=== Exercise instructions ===
I'd like the entries repeated exactly, pictures omitted.

Text-to-region grounding data:
■ ■ ■ ■ ■

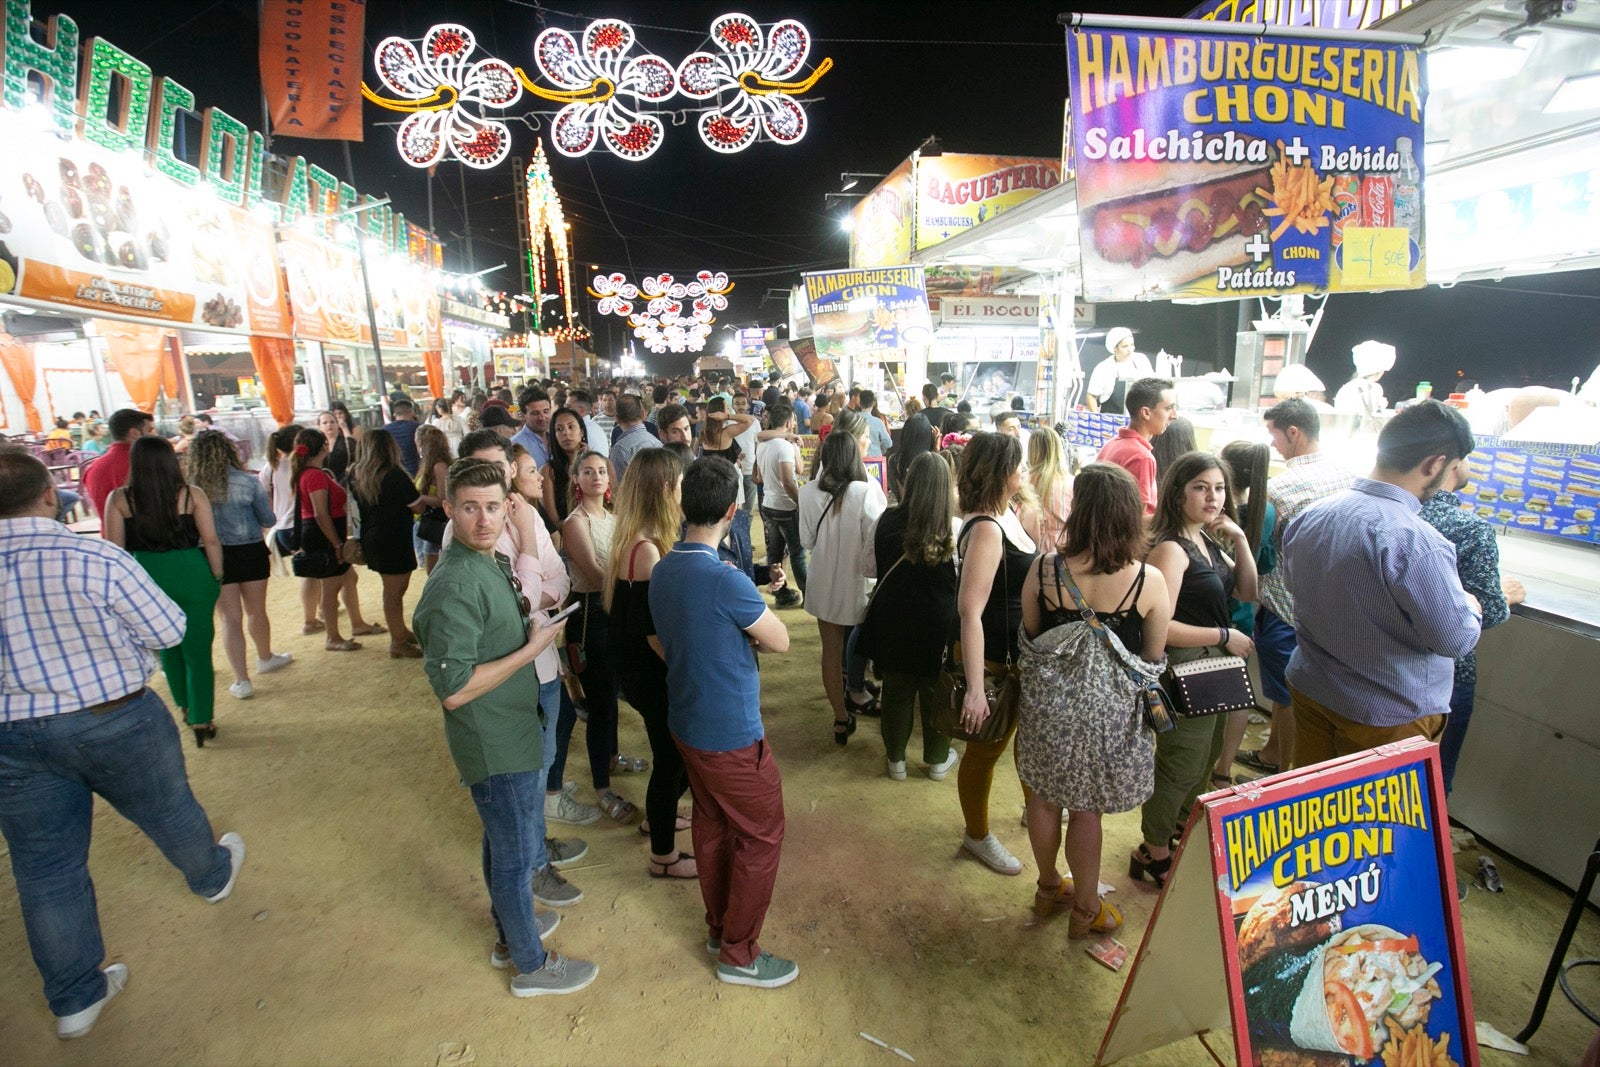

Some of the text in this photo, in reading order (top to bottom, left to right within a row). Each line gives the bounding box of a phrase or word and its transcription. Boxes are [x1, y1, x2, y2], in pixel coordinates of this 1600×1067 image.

[1077, 32, 1421, 124] HAMBURGUESERIA
[1183, 85, 1346, 129] CHONI
[1083, 127, 1268, 163] Salchicha
[1320, 145, 1400, 171] Bebida
[927, 165, 1060, 205] BAGUETERIA
[925, 216, 974, 227] HAMBURGUESA
[1283, 247, 1320, 260] CHONI
[806, 268, 922, 303] HAMBURGUESERIA
[842, 284, 898, 301] CHONI
[1217, 266, 1296, 290] Patatas
[953, 305, 975, 316] EL
[1225, 769, 1428, 892] HAMBURGUESERIA
[1272, 827, 1394, 888] CHONI
[1289, 862, 1382, 928] MENÚ
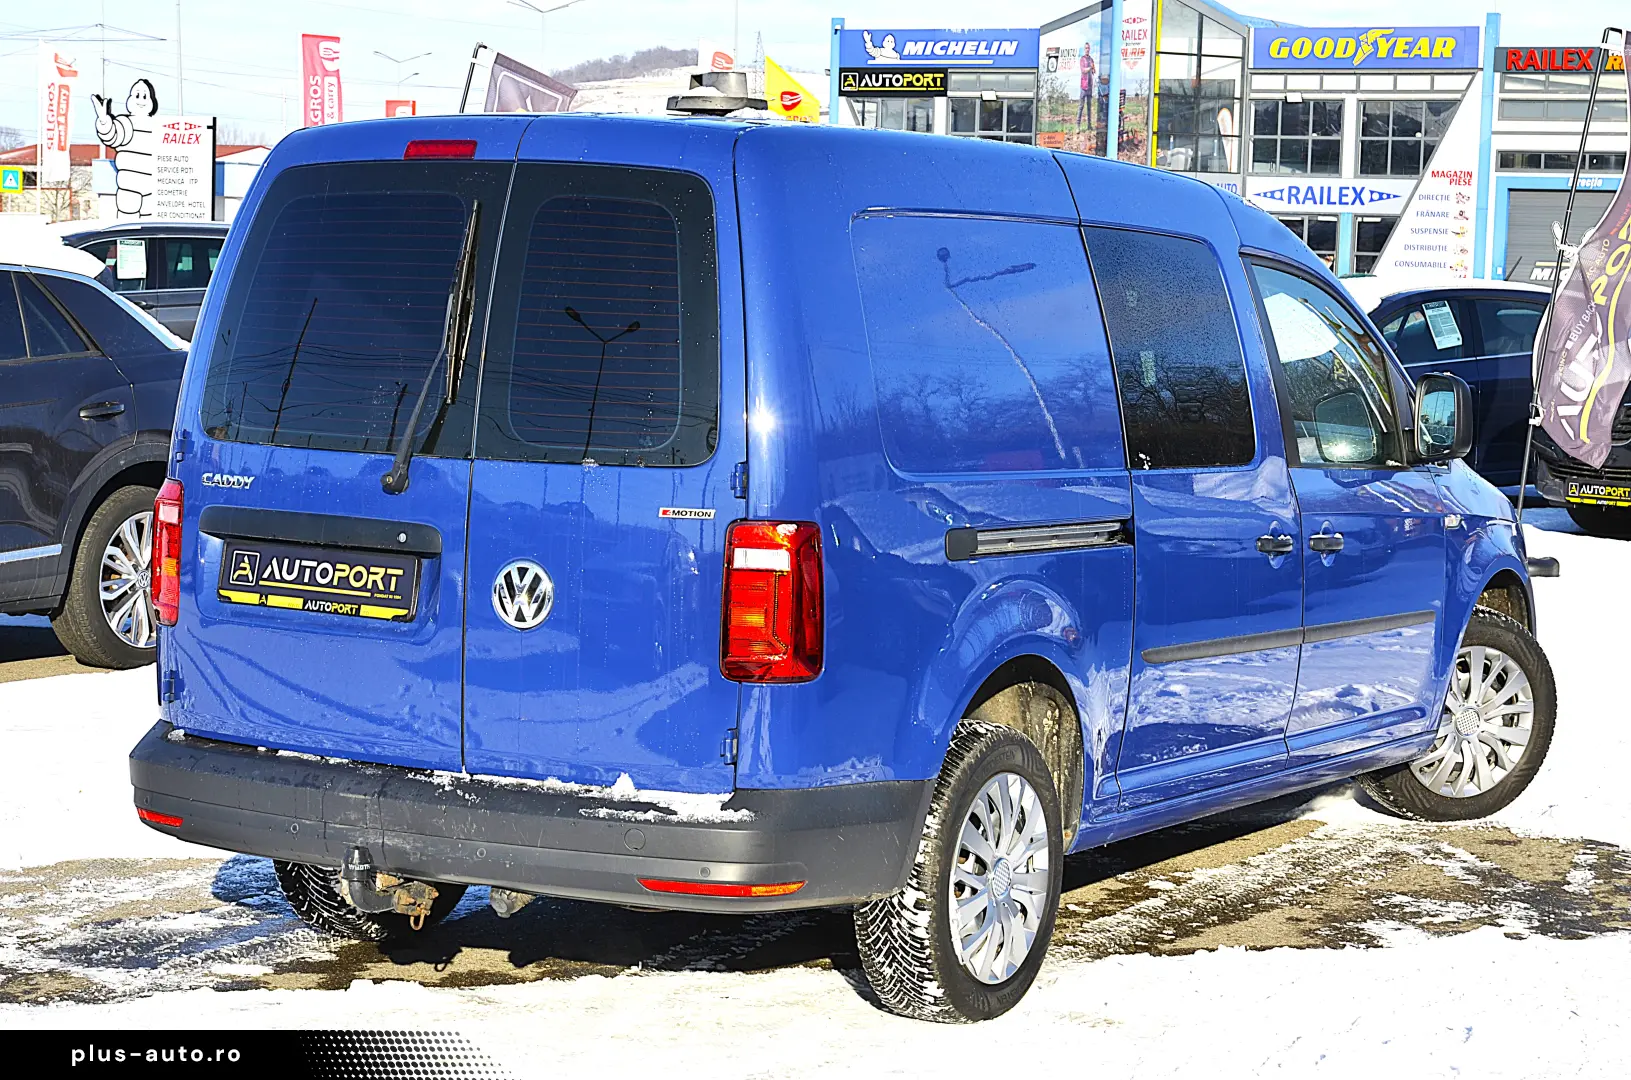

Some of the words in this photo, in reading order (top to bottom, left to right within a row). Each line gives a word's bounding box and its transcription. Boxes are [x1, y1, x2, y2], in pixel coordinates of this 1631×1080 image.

[902, 41, 1018, 56] MICHELIN
[1506, 48, 1594, 70] RAILEX
[860, 73, 944, 86] AUTOPORT
[162, 133, 202, 144] RAILEX
[1431, 170, 1472, 178] MAGAZIN
[1287, 186, 1366, 206] RAILEX
[1394, 260, 1447, 268] CONSUMABILE
[1569, 321, 1586, 342] BUY
[1582, 300, 1597, 322] BACK
[202, 472, 255, 489] CADDY
[1580, 485, 1631, 497] AUTOPORT
[262, 556, 404, 592] AUTOPORT
[304, 600, 358, 614] AUTOPORT

■ ■ ■ ■ ■

=== The answer ===
Some of the text in this photo, in reading order (top to bottom, left to right within a row). Each line gives the bounding box of a phrase or word and its transcription. Boxes are [x1, y1, x2, y2], in pixel coordinates of this 1600×1067 image.

[1077, 32, 1421, 124] HAMBURGUESERIA
[1183, 85, 1346, 129] CHONI
[1083, 127, 1268, 163] Salchicha
[1320, 145, 1400, 171] Bebida
[927, 165, 1060, 205] BAGUETERIA
[925, 216, 974, 227] HAMBURGUESA
[1283, 247, 1320, 260] CHONI
[806, 268, 922, 303] HAMBURGUESERIA
[842, 284, 898, 301] CHONI
[1217, 266, 1296, 290] Patatas
[953, 305, 975, 316] EL
[1225, 769, 1428, 892] HAMBURGUESERIA
[1272, 827, 1394, 888] CHONI
[1289, 862, 1382, 928] MENÚ

Some of the words in this photo, in reading order (top to bottom, left to right within a row). Each line gives a word's bounding box and its transcription. Boxes are [x1, y1, x2, y2], in pixel coordinates of this 1631×1080 image.

[902, 41, 1018, 56] MICHELIN
[1506, 48, 1594, 70] RAILEX
[860, 73, 944, 86] AUTOPORT
[162, 133, 202, 144] RAILEX
[1431, 170, 1472, 178] MAGAZIN
[1287, 186, 1366, 206] RAILEX
[1394, 260, 1447, 268] CONSUMABILE
[1569, 321, 1586, 342] BUY
[1582, 300, 1597, 322] BACK
[202, 472, 255, 489] CADDY
[1580, 485, 1631, 497] AUTOPORT
[262, 556, 404, 592] AUTOPORT
[304, 600, 358, 614] AUTOPORT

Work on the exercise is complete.